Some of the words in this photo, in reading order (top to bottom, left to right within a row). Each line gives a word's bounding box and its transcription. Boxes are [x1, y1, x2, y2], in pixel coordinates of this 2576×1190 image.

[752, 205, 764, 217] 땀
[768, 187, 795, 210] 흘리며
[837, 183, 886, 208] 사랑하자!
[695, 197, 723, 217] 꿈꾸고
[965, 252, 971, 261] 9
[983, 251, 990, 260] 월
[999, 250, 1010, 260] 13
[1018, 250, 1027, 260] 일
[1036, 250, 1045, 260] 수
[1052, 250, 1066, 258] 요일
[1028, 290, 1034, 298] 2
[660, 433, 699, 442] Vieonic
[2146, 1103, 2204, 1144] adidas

================

**Exercise description:** Restate the material above word for word, leaving nothing out.

**Exercise result:**
Some of the words in this photo, in reading order (top to bottom, left to right within a row). Each line gives a word's bounding box and its transcription. Boxes are [x1, y1, x2, y2], in pixel coordinates of this 2576×1190 image.

[752, 205, 764, 217] 땀
[768, 187, 795, 210] 흘리며
[837, 183, 886, 208] 사랑하자!
[695, 197, 723, 217] 꿈꾸고
[965, 252, 971, 261] 9
[983, 251, 990, 260] 월
[999, 250, 1010, 260] 13
[1018, 250, 1027, 260] 일
[1036, 250, 1045, 260] 수
[1052, 250, 1066, 258] 요일
[1028, 290, 1034, 298] 2
[660, 433, 699, 442] Vieonic
[2146, 1103, 2204, 1144] adidas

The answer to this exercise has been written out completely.